In this guide, we’ll walk you through how to run your data pipelines without manual intervention, i.e. automate, and identify the Dagster tools to make that happen.

This guide assumes you have some familiarity with several Dagster concepts, including software-defined assets and jobs.

Dagster offers a few different ways of automating data pipelines, and choosing the right Dagster tool depends on your specific needs. In this guide we'll walk through a few different cases, and which Dagster tool you should use in each case.

Things to think through#

When thinking about automating your data pipelines, it’s helpful to think through how and when your data needs to be refreshed. A few helpful things to think through:

  • How often does my data need to be refreshed? Does all data need to be refreshed at the same frequency?
  • How is my data split up? Do older records need updating?
  • Am I waiting for some data that needs to trigger downstream updates?
  • Do I want it to run every time a new file is added or update data in batches?

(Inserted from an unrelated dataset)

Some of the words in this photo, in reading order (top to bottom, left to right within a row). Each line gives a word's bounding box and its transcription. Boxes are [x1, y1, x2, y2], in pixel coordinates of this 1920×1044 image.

My data should be updated every morning#

You want some data to be updated every day by a certain time to refresh a dashboard, have updated data go to to a system or you want your database to have the most recent information for the team to work with. This is one of the most traditional cases when building a pipeline. Let's go into how to do this with Dagster!

I want a job to start at a specific time#

In Dagster, we have basic scheduling capabilities, which means that you say how often and when you want a job to run, and it will run. This can mean daily, weekly, or hourly. Dagster also supports any type of cron scheduling.

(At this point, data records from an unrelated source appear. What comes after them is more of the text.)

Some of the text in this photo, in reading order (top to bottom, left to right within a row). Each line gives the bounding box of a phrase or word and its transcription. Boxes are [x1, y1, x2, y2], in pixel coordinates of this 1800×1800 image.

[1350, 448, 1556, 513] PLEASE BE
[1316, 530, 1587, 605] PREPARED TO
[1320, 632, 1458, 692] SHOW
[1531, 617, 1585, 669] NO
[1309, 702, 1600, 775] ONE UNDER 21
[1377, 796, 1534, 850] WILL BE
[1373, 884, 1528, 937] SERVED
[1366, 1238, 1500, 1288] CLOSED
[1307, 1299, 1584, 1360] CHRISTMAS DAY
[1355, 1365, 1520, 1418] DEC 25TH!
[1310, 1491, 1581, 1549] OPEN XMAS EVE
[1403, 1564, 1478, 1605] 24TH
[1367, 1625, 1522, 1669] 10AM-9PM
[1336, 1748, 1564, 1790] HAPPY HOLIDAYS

from dagster import AssetSelection, define_asset_job, ScheduleDefinition

asset_job = define_asset_job("asset_job", AssetSelection.groups("some_asset_group"))

basic_schedule = ScheduleDefinition(job=asset_job, cron_schedule="0 9 * * *")

You can also use the @schedule decorator if you want to provide custom run config and tags. For example, if you want to pass a parameter to the job at runtime, for example, activity = ‘party’ on the weekend and activity=’grind’ on weekdays, you can use the configuration to pass parameters in.

# sets the schedule to be updated everyday at 9:00 AM
@schedule(job=configurable_job, cron_schedule="0 9 * * *")
def configurable_job_schedule(context: ScheduleEvaluationContext):
    if context.scheduled_execution_time.weekday() < 5:
        activity_selection = "grind"
    else:
        activity_selection = "party"
    return RunRequest(
        run_config={
            "ops": {"configurable_op": {"config": {"activity": activity_selection}}}
        }
    )

I want my data to be updated at different cadences#

Let’s say the CFO wants a report updated by 9:00 AM so they can drink their coffee and review the latest numbers. The data comes from a number of systems and are all part of your DAG.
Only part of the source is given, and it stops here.